-- ACTIVITY --
Omitting the images, transcribe the records below exactly as they stand.

-- PROVIDED ENTRIES --
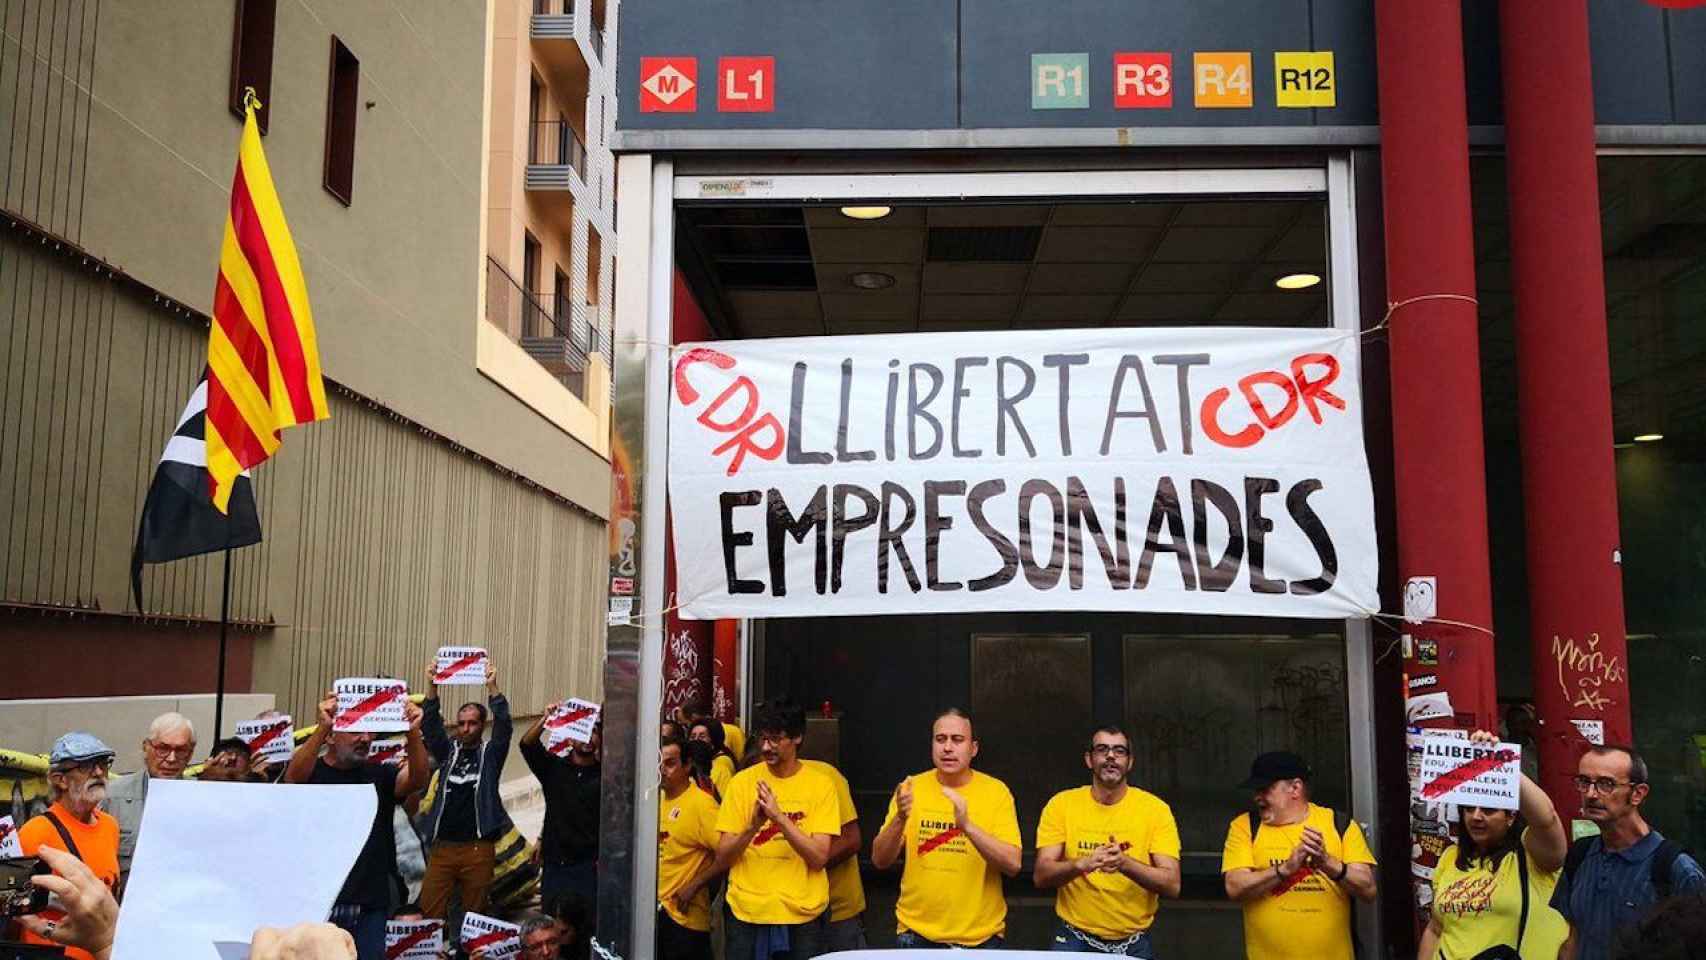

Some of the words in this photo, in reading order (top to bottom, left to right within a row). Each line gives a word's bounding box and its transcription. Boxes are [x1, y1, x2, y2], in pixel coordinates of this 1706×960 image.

[657, 75, 680, 94] M
[725, 69, 765, 101] L1
[1037, 64, 1083, 97] R1
[1116, 63, 1171, 97] R3
[1197, 63, 1250, 97] R4
[1280, 67, 1331, 92] R12
[673, 348, 785, 477] CDR
[1200, 352, 1347, 450] CDR
[719, 475, 1340, 598] EMPRESONADES
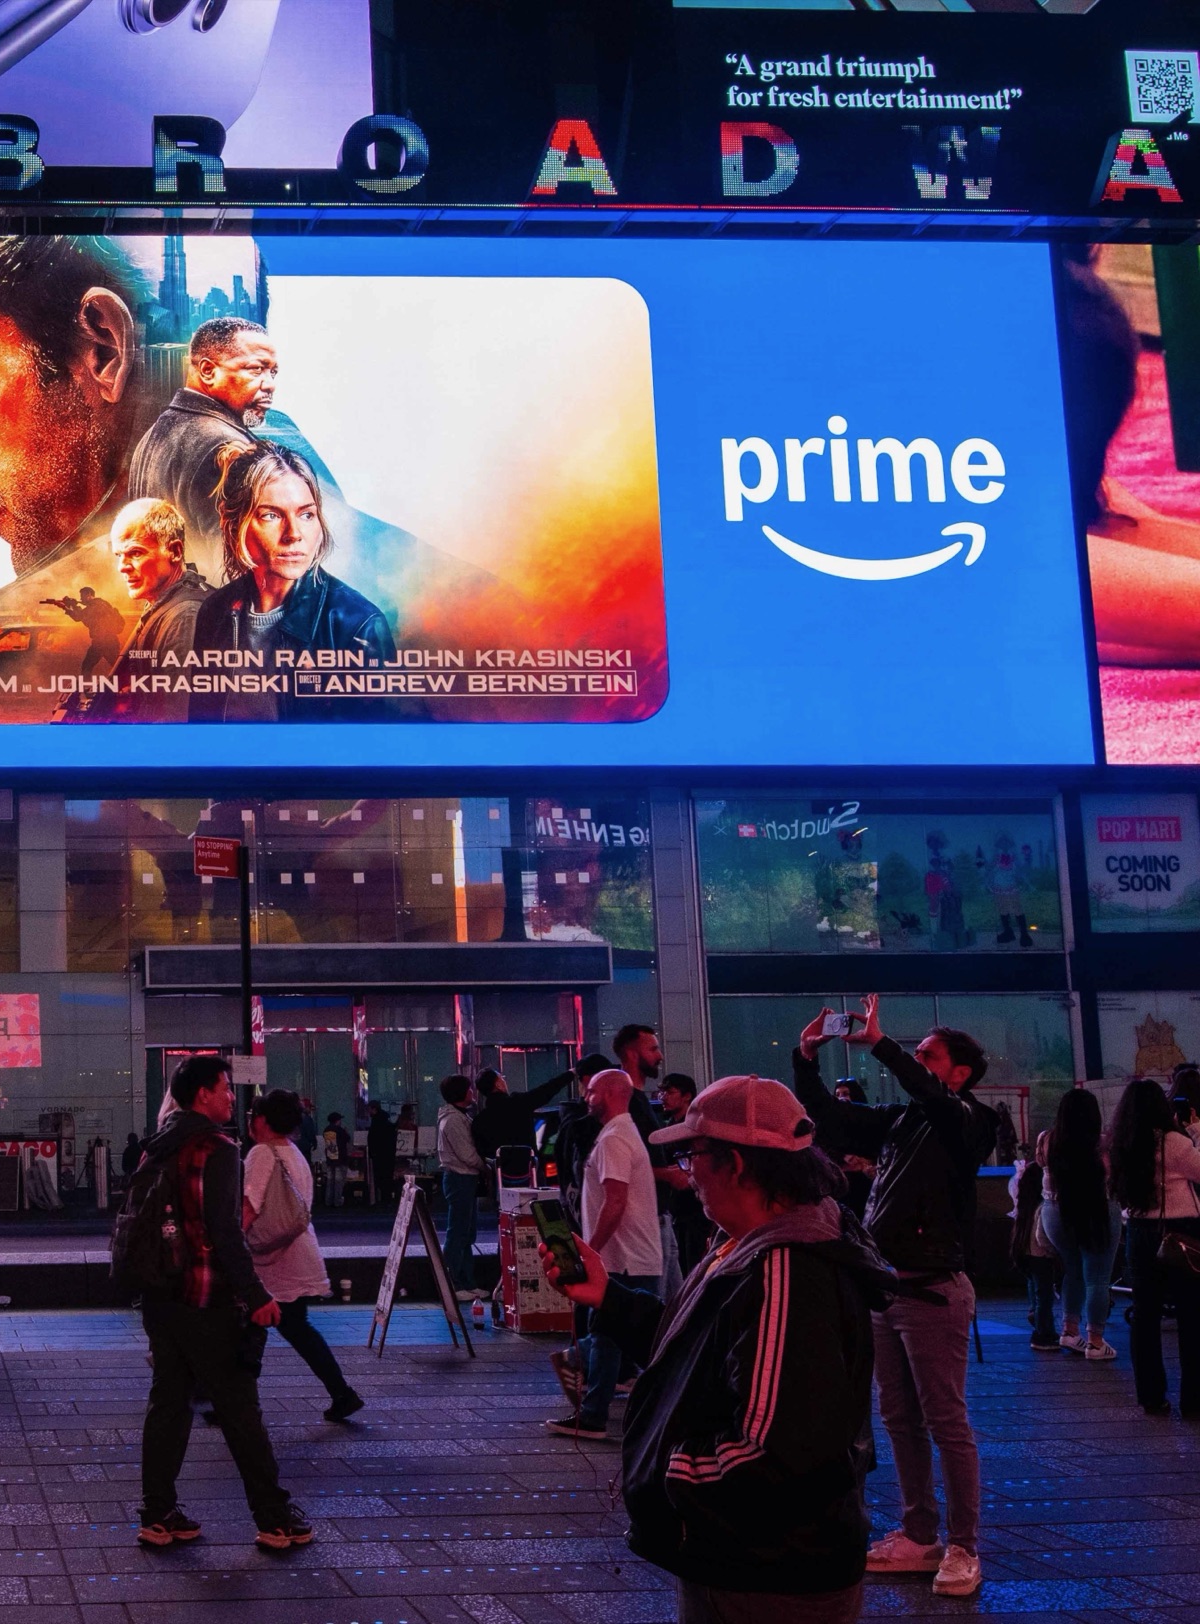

-- ANSWER SPACE --
Some of the words in this photo, in reading order (top to bottom, left to right within a row). Each line gives a word's bounding box and its transcription. Boxes are [x1, y1, x2, y2], in pixel coordinates of this 1706×960 image.

[657, 75, 680, 94] M
[725, 69, 765, 101] L1
[1037, 64, 1083, 97] R1
[1116, 63, 1171, 97] R3
[1197, 63, 1250, 97] R4
[1280, 67, 1331, 92] R12
[673, 348, 785, 477] CDR
[1200, 352, 1347, 450] CDR
[719, 475, 1340, 598] EMPRESONADES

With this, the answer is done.